Problem to solve: The output should match, line for line, the records from the line containing "Some of the words" through the line containing "this 1431×1272 image.", with every picture left out.

==== Dataset entries

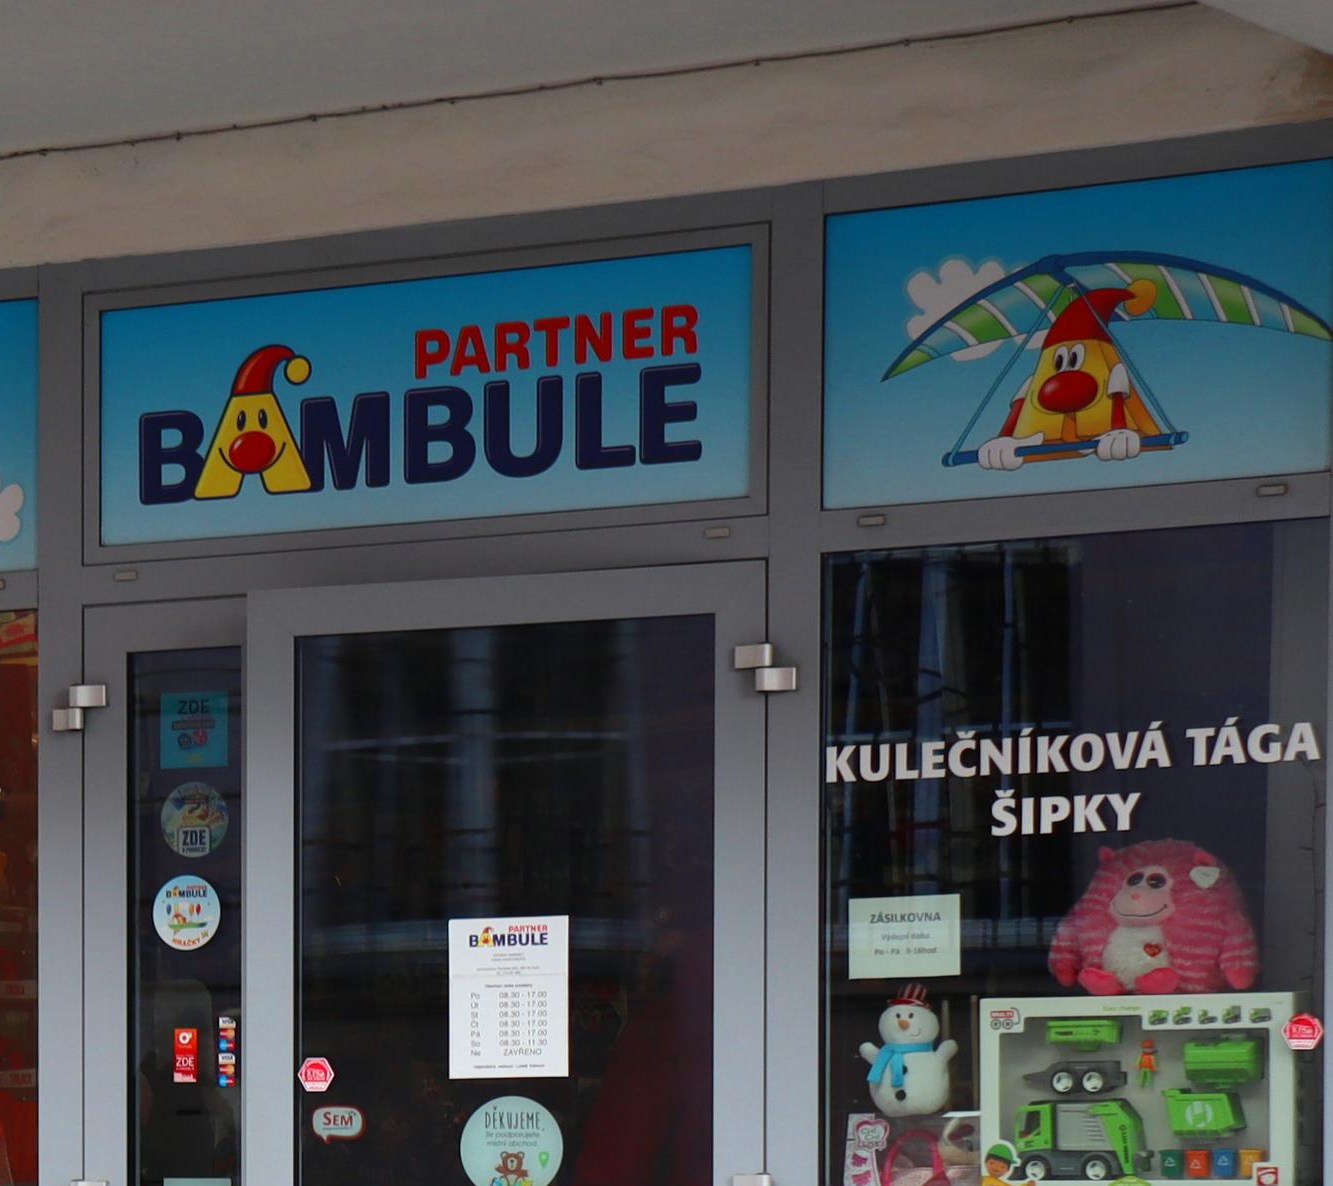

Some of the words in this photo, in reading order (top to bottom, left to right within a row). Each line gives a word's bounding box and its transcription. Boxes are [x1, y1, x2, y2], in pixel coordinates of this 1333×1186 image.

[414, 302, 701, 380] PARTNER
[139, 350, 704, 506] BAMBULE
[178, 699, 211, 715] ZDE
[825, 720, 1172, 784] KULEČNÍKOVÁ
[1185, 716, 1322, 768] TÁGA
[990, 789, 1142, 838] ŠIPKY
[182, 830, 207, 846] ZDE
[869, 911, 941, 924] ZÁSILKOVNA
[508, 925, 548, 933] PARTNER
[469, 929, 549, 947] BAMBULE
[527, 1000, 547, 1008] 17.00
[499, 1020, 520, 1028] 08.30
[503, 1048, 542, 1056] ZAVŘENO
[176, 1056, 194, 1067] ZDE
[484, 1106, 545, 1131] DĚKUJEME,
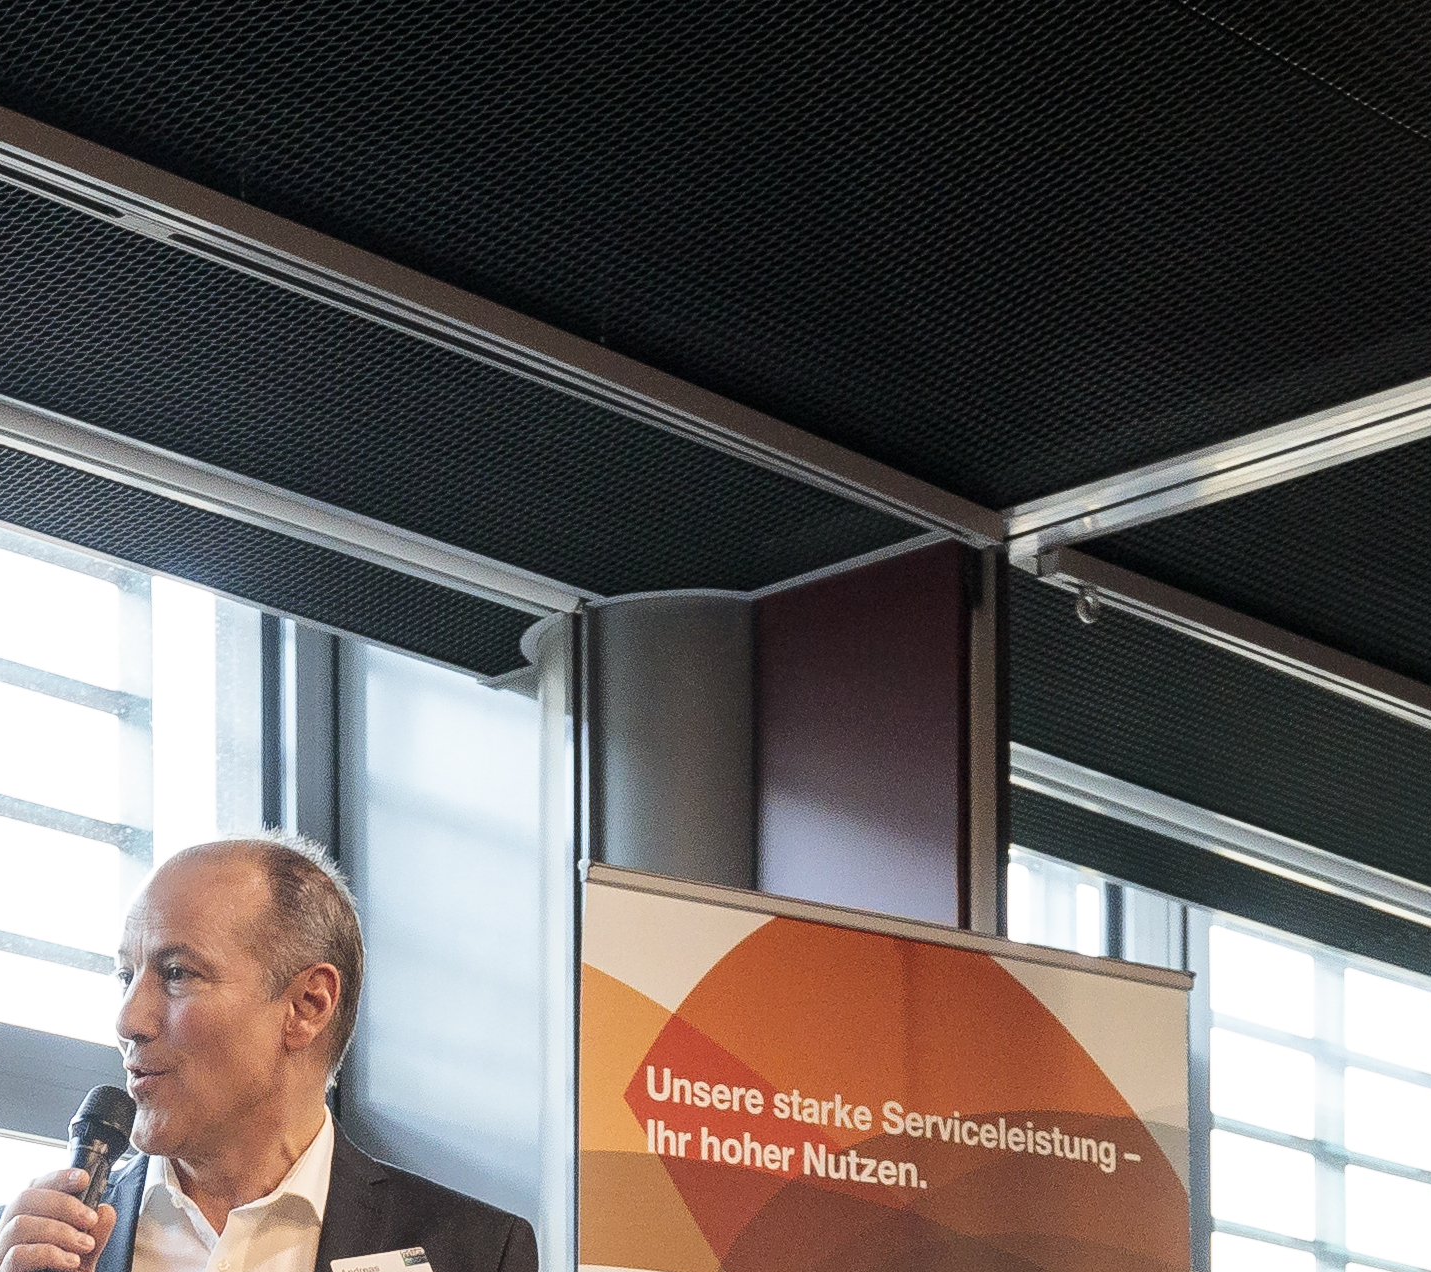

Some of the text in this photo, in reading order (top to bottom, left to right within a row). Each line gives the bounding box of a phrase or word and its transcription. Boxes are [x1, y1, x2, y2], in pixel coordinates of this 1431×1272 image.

========
==== Dataset entries

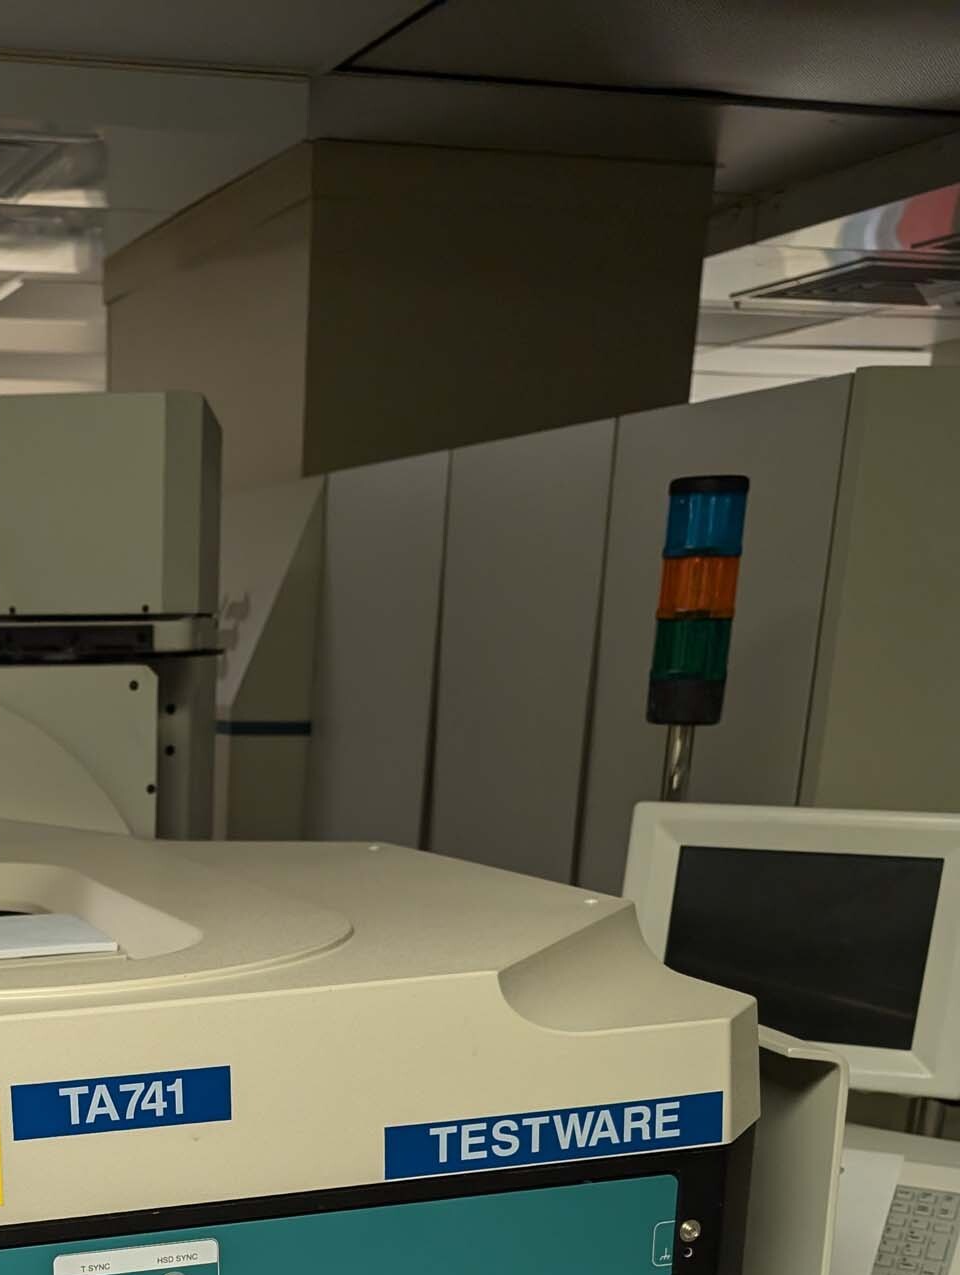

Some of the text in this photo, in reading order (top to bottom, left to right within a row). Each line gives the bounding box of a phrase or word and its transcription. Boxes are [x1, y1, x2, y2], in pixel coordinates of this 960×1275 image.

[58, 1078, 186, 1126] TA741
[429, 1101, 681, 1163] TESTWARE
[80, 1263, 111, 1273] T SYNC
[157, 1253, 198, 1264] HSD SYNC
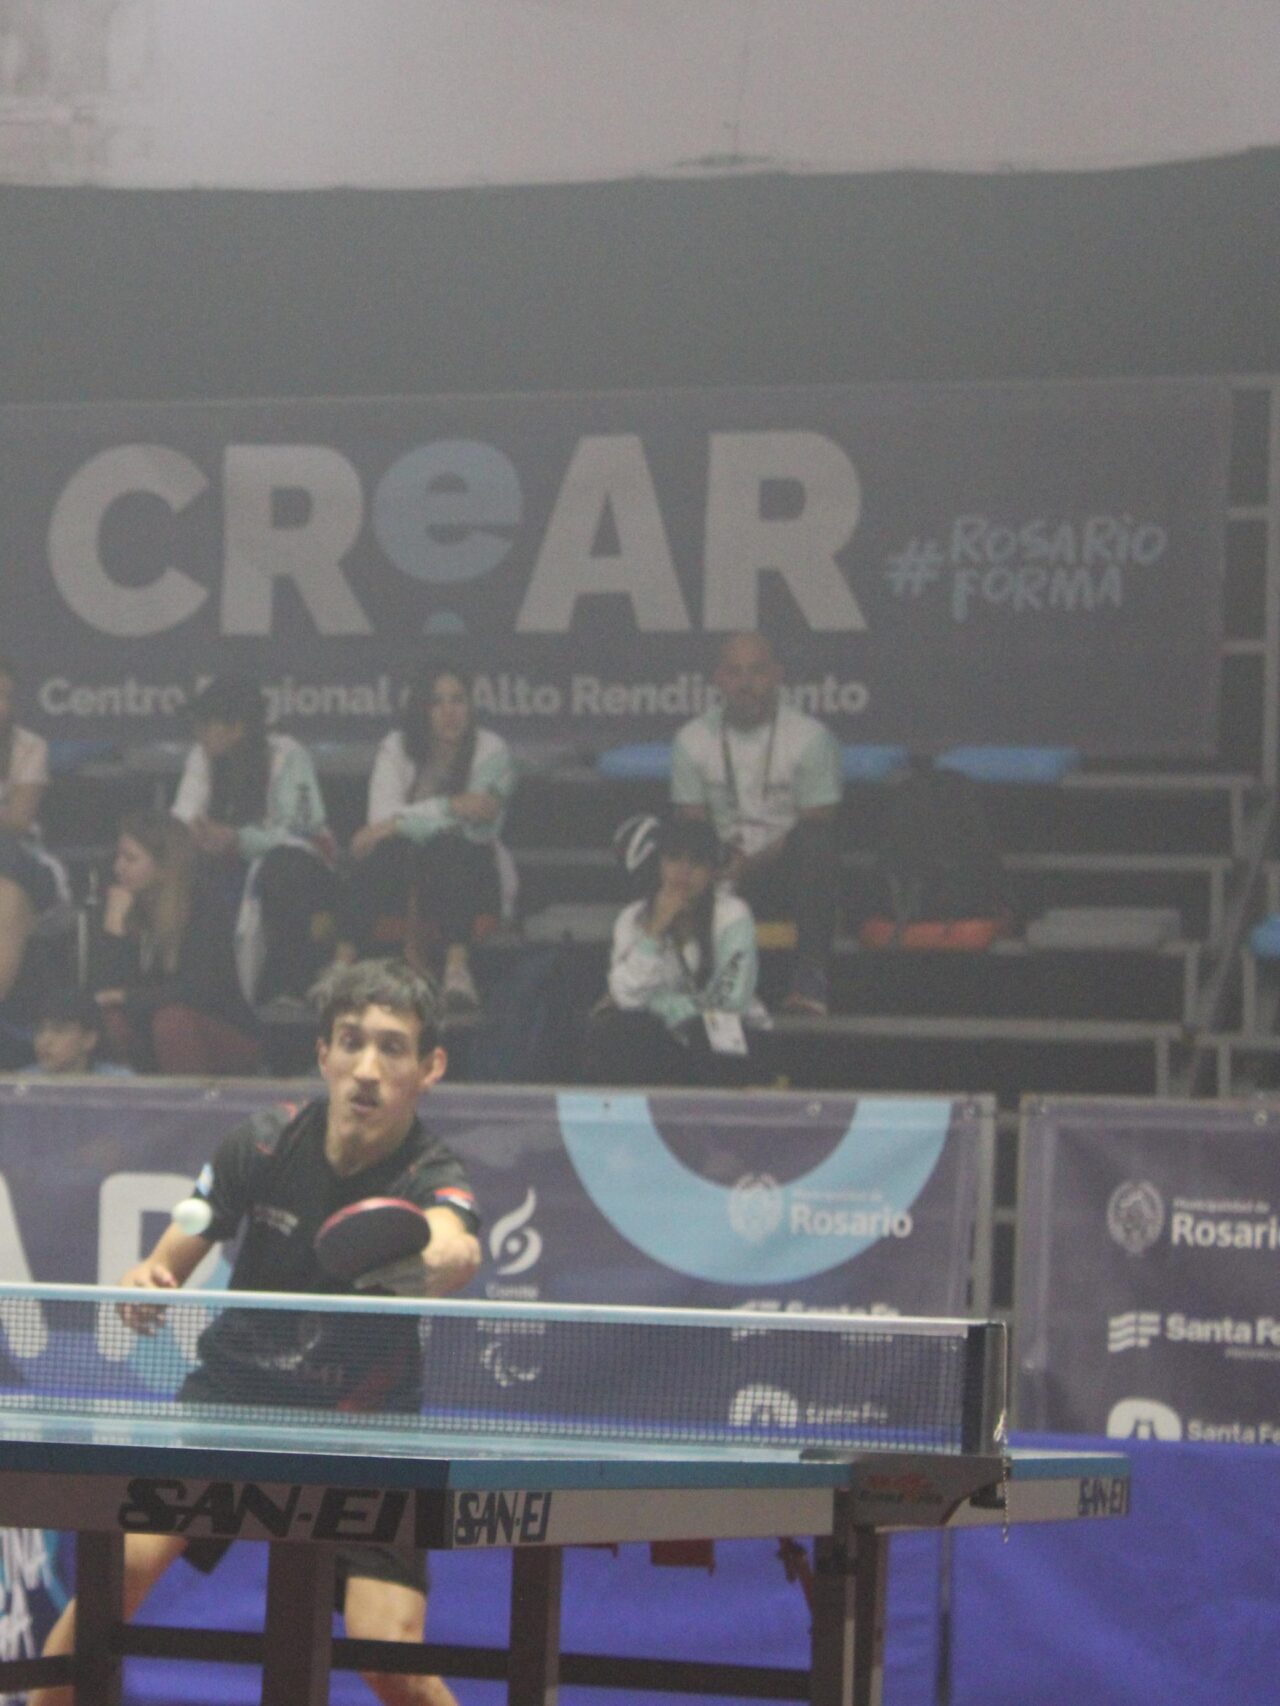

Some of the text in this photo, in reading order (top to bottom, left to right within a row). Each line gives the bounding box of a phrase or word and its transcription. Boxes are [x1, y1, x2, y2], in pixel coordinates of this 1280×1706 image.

========
==== Dataset entries

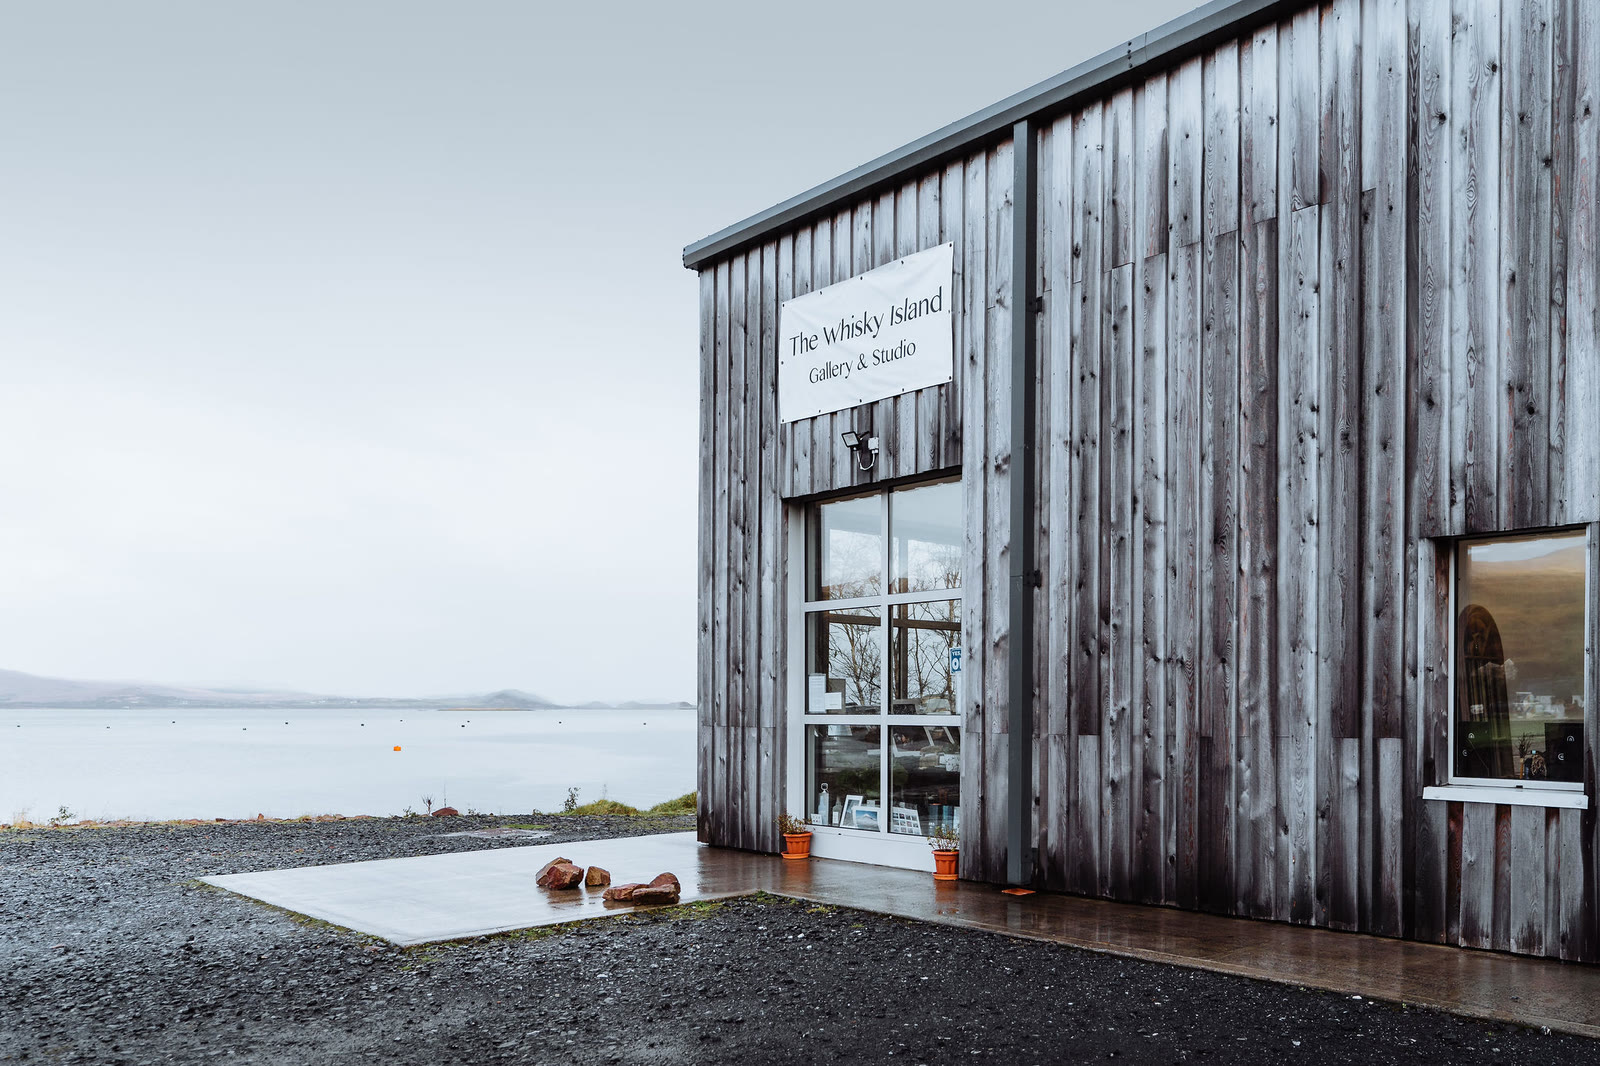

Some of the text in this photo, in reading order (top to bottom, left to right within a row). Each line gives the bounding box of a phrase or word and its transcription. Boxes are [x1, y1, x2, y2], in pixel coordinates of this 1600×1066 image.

========

Solution for this problem:
Some of the words in this photo, in reading order (top to bottom, left to right within a row). Each line gives a word's bounding box and its transcription. Boxes are [x1, y1, x2, y2], in pixel coordinates of this 1333×1186 image.

[414, 302, 701, 380] PARTNER
[139, 350, 704, 506] BAMBULE
[178, 699, 211, 715] ZDE
[825, 720, 1172, 784] KULEČNÍKOVÁ
[1185, 716, 1322, 768] TÁGA
[990, 789, 1142, 838] ŠIPKY
[182, 830, 207, 846] ZDE
[869, 911, 941, 924] ZÁSILKOVNA
[508, 925, 548, 933] PARTNER
[469, 929, 549, 947] BAMBULE
[527, 1000, 547, 1008] 17.00
[499, 1020, 520, 1028] 08.30
[503, 1048, 542, 1056] ZAVŘENO
[176, 1056, 194, 1067] ZDE
[484, 1106, 545, 1131] DĚKUJEME,

Some of the text in this photo, in reading order (top to bottom, left to right within a row). Each line gives the bounding box of a phrase or word and its transcription. Boxes are [x1, y1, x2, y2], in pixel coordinates of this 1431×1272 image.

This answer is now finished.